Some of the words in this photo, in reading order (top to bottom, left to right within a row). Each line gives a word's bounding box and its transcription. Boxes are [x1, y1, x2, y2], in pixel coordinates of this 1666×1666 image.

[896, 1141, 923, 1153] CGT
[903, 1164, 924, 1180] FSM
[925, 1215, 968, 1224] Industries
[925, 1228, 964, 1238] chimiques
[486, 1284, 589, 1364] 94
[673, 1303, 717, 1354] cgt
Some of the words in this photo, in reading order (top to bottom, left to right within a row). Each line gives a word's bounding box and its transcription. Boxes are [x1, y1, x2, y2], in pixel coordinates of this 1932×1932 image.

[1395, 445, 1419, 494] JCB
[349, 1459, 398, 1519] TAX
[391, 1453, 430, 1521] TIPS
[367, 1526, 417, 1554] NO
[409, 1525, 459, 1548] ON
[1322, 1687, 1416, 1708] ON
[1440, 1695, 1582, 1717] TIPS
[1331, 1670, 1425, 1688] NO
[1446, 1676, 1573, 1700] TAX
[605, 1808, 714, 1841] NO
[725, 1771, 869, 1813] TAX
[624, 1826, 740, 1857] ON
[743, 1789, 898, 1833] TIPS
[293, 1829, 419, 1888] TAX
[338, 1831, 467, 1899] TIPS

*GOAL OF THE EXERCISE*: Please print the material again in full, exactly as it is.

*SOLVED EXERCISE*:
Some of the words in this photo, in reading order (top to bottom, left to right within a row). Each line gives a word's bounding box and its transcription. Boxes are [x1, y1, x2, y2], in pixel coordinates of this 1666×1666 image.

[896, 1141, 923, 1153] CGT
[903, 1164, 924, 1180] FSM
[925, 1215, 968, 1224] Industries
[925, 1228, 964, 1238] chimiques
[486, 1284, 589, 1364] 94
[673, 1303, 717, 1354] cgt
Some of the words in this photo, in reading order (top to bottom, left to right within a row). Each line gives a word's bounding box and its transcription. Boxes are [x1, y1, x2, y2], in pixel coordinates of this 1932×1932 image.

[1395, 445, 1419, 494] JCB
[349, 1459, 398, 1519] TAX
[391, 1453, 430, 1521] TIPS
[367, 1526, 417, 1554] NO
[409, 1525, 459, 1548] ON
[1322, 1687, 1416, 1708] ON
[1440, 1695, 1582, 1717] TIPS
[1331, 1670, 1425, 1688] NO
[1446, 1676, 1573, 1700] TAX
[605, 1808, 714, 1841] NO
[725, 1771, 869, 1813] TAX
[624, 1826, 740, 1857] ON
[743, 1789, 898, 1833] TIPS
[293, 1829, 419, 1888] TAX
[338, 1831, 467, 1899] TIPS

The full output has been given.